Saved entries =
╔══
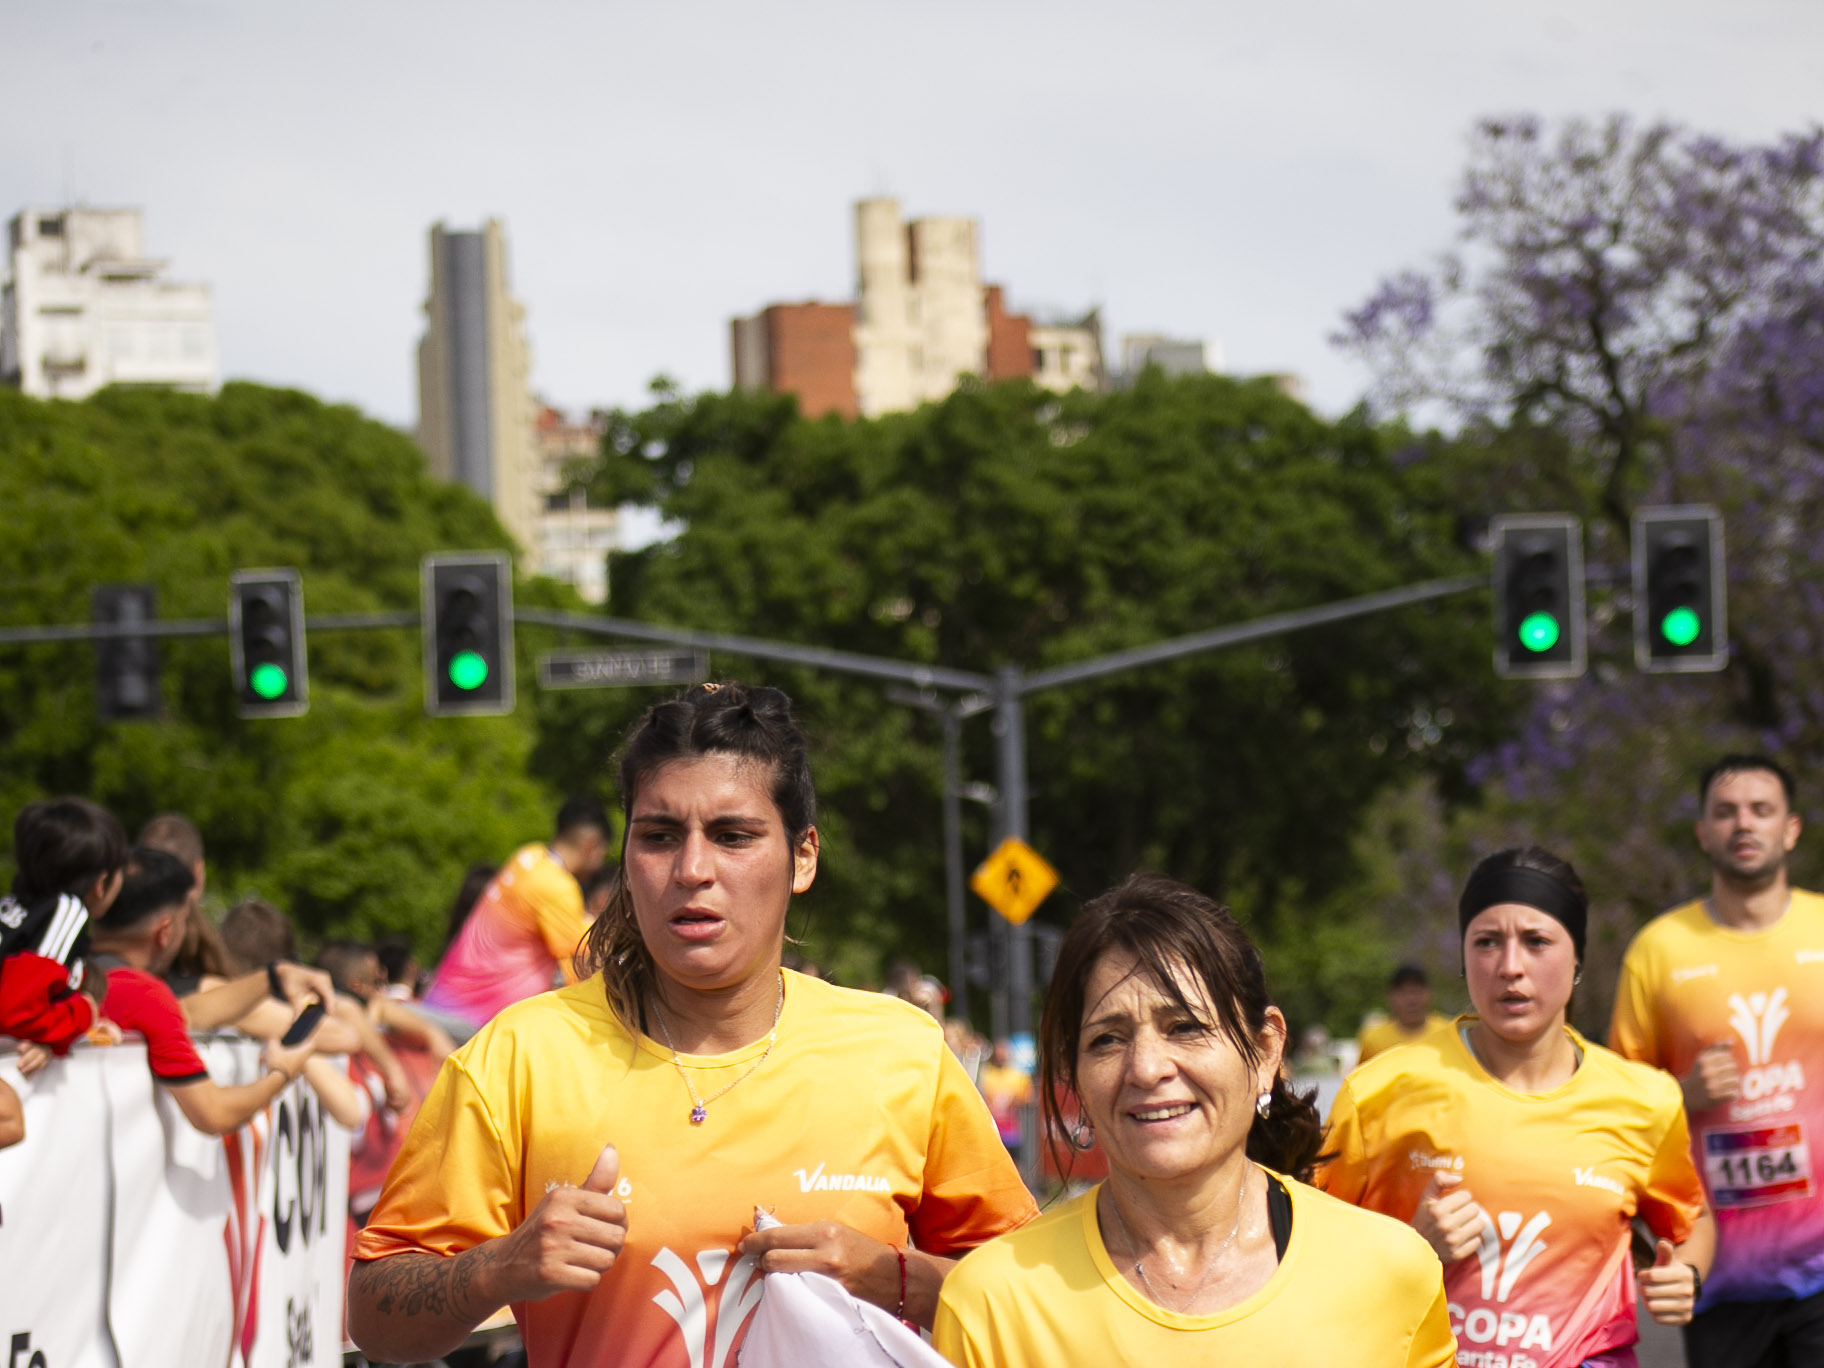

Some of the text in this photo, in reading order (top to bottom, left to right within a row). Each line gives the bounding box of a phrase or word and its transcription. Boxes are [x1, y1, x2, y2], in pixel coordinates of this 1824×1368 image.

[1740, 1060, 1805, 1101] OPA
[1453, 1156, 1465, 1170] 6
[1720, 1151, 1796, 1187] 1164
[616, 1177, 633, 1197] 6
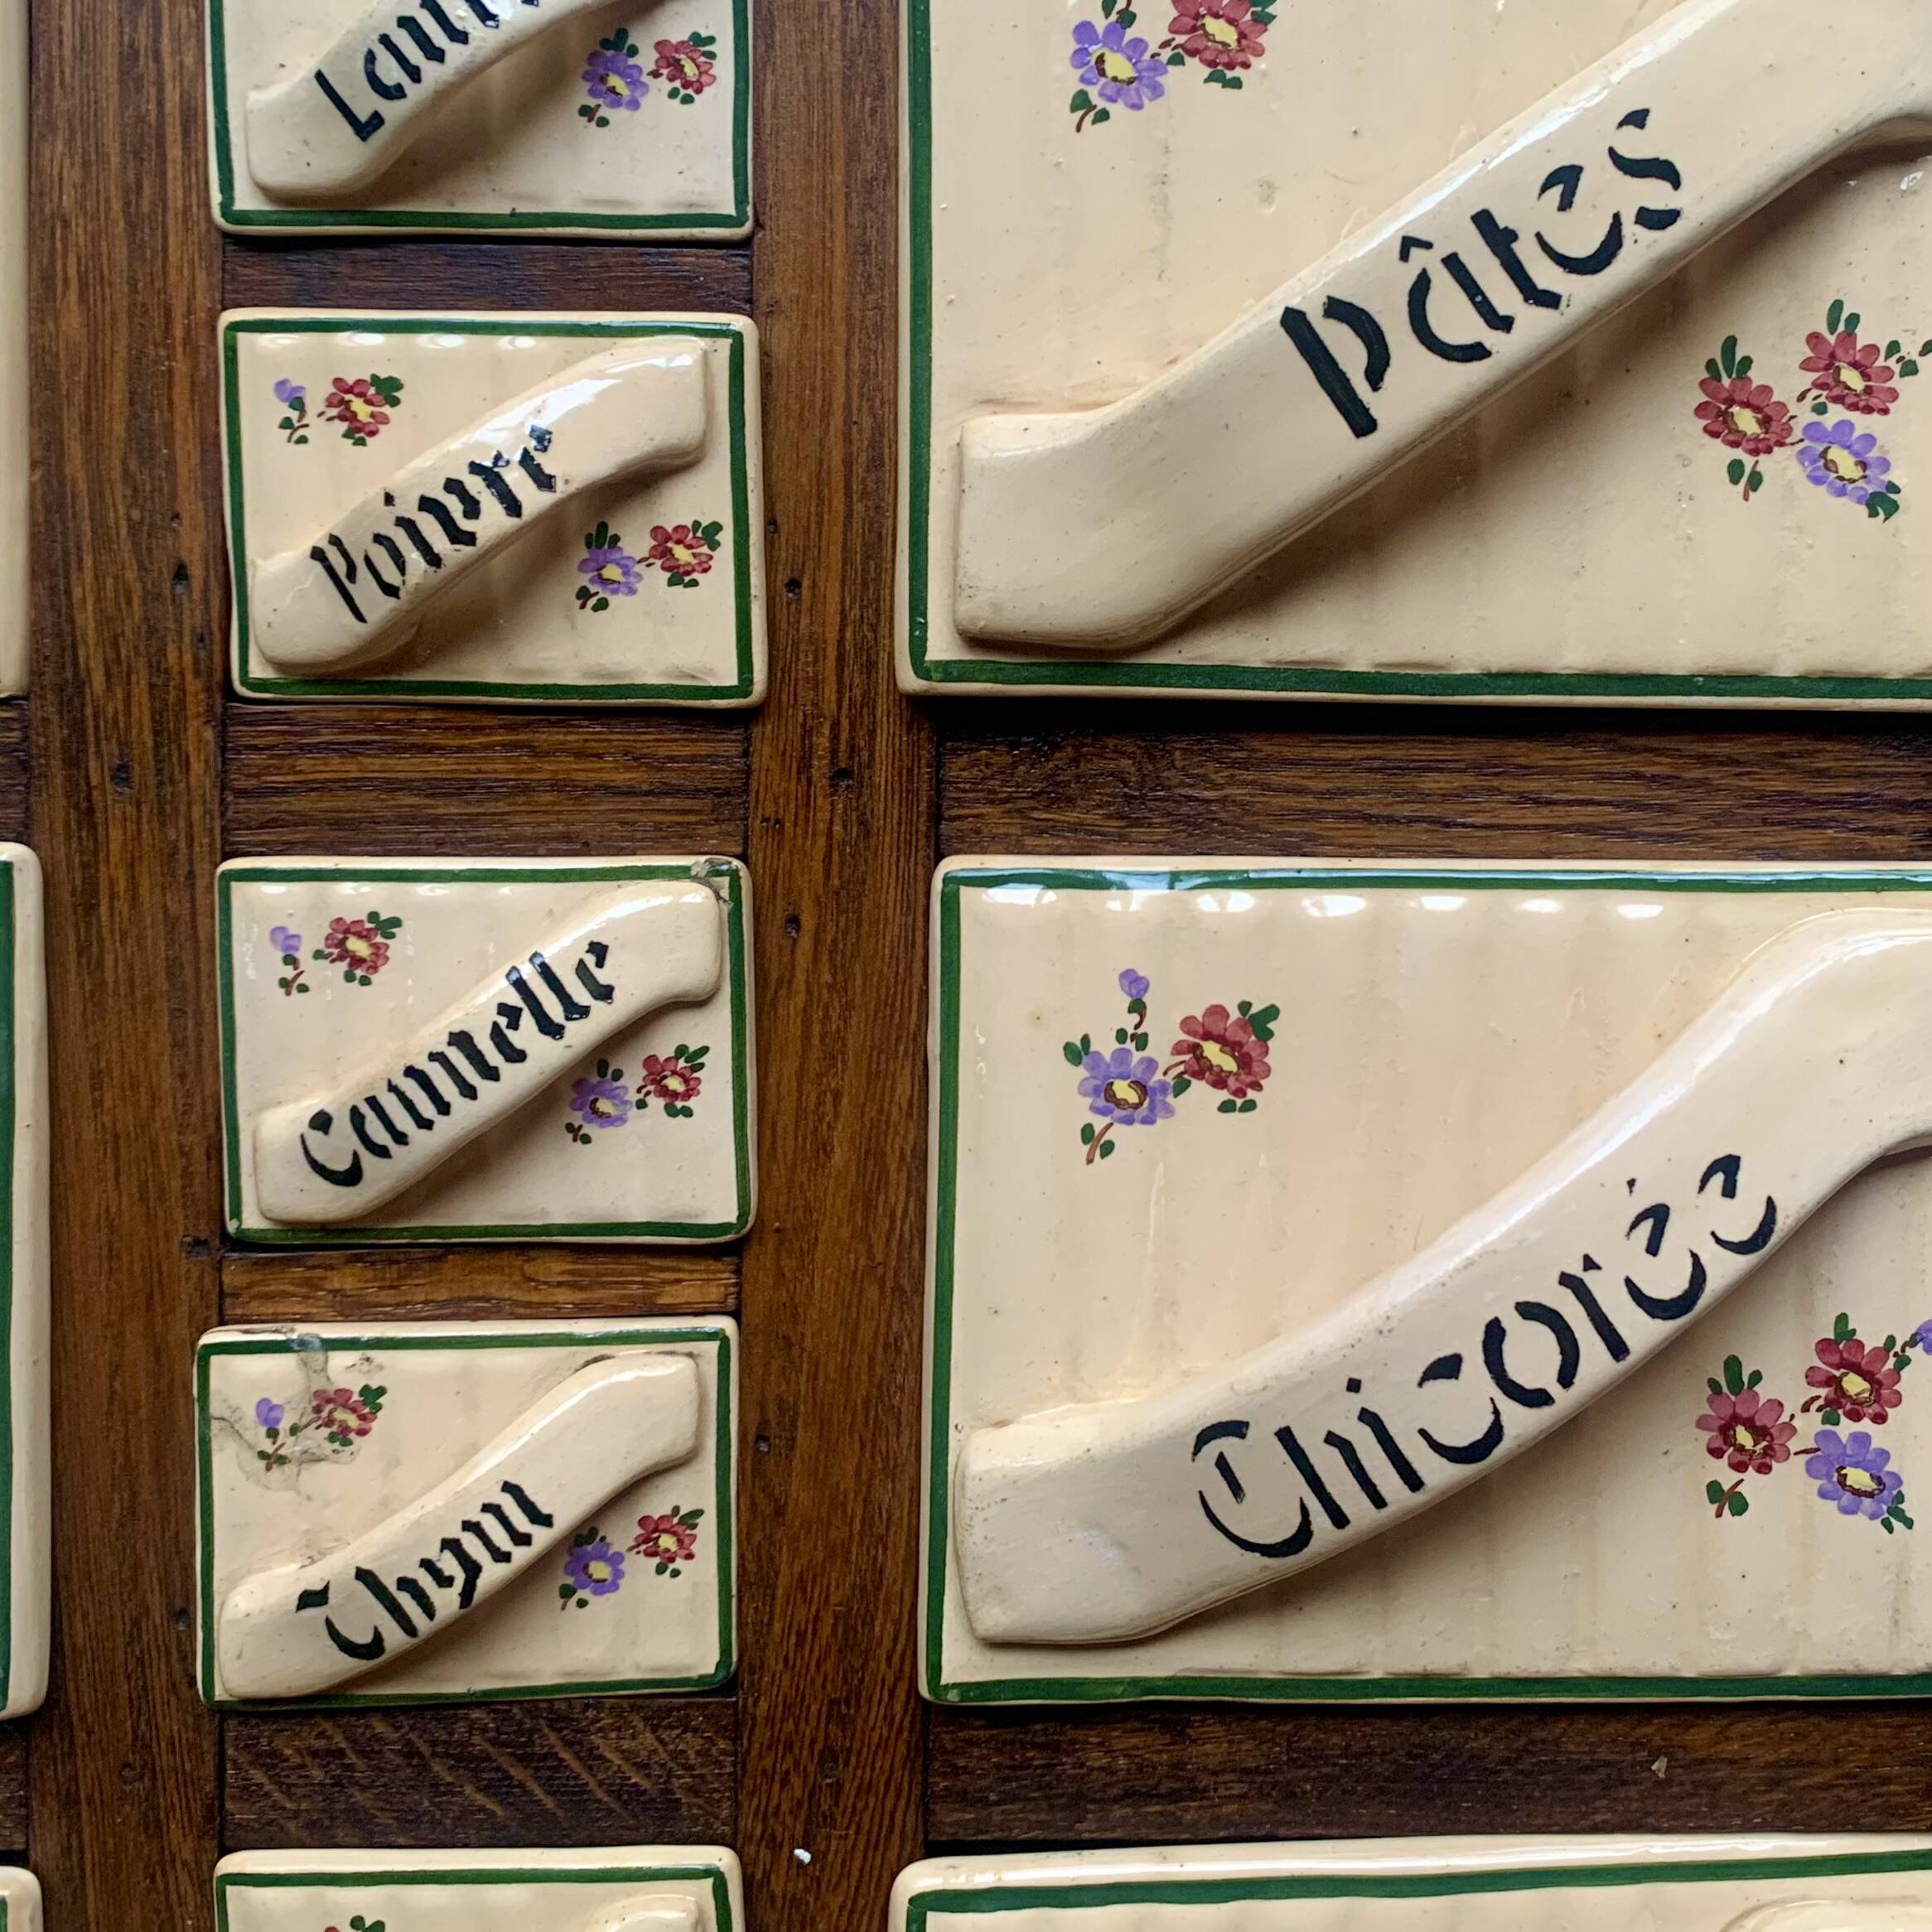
╚══
WHAT THE EXERCISE ASKS = Repeat the data above word for word, without pictures.

ANSWER FOR THE TASK =
Some of the text in this photo, in reading order (top to bottom, left to right within a row). Each line gives the bounding box of a phrase or word and its transcription. Boxes are [x1, y1, x2, y2], in pixel coordinates of this 1824×1368 image.

[1740, 1060, 1805, 1101] OPA
[1453, 1156, 1465, 1170] 6
[1720, 1151, 1796, 1187] 1164
[616, 1177, 633, 1197] 6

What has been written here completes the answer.